**INSTRUCTIONS TO FOLLOW:** Please print every record exactly as it stands, leaving out the pictures.

**INFORMATION PROVIDED:**
--- START ---

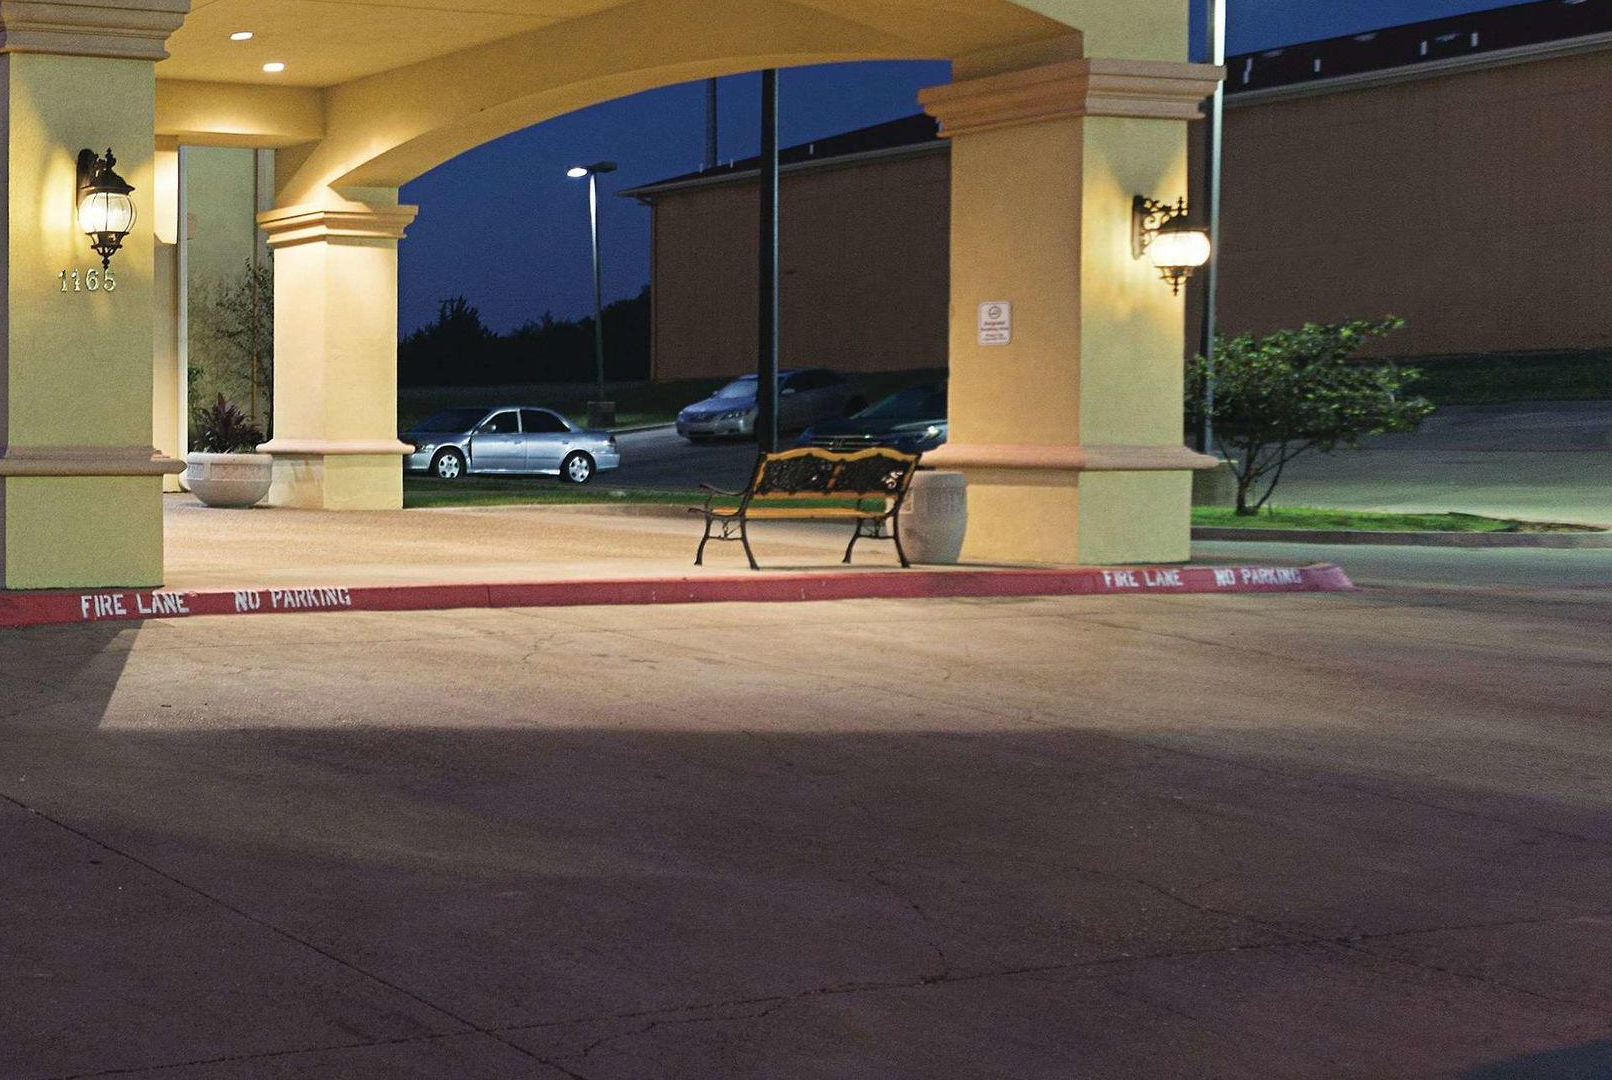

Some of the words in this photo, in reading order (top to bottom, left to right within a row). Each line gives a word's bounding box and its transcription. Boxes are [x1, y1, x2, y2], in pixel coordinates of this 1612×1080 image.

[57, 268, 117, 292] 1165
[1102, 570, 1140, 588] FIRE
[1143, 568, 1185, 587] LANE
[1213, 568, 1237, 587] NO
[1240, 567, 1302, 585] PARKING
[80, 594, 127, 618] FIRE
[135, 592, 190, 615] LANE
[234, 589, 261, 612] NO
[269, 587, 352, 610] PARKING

--- END ---

**ANSWER SPACE:**
Some of the words in this photo, in reading order (top to bottom, left to right within a row). Each line gives a word's bounding box and its transcription. Boxes are [x1, y1, x2, y2], in pixel coordinates of this 1612×1080 image.

[57, 268, 117, 292] 1165
[1102, 570, 1140, 588] FIRE
[1143, 568, 1185, 587] LANE
[1213, 568, 1237, 587] NO
[1240, 567, 1302, 585] PARKING
[80, 594, 127, 618] FIRE
[135, 592, 190, 615] LANE
[234, 589, 261, 612] NO
[269, 587, 352, 610] PARKING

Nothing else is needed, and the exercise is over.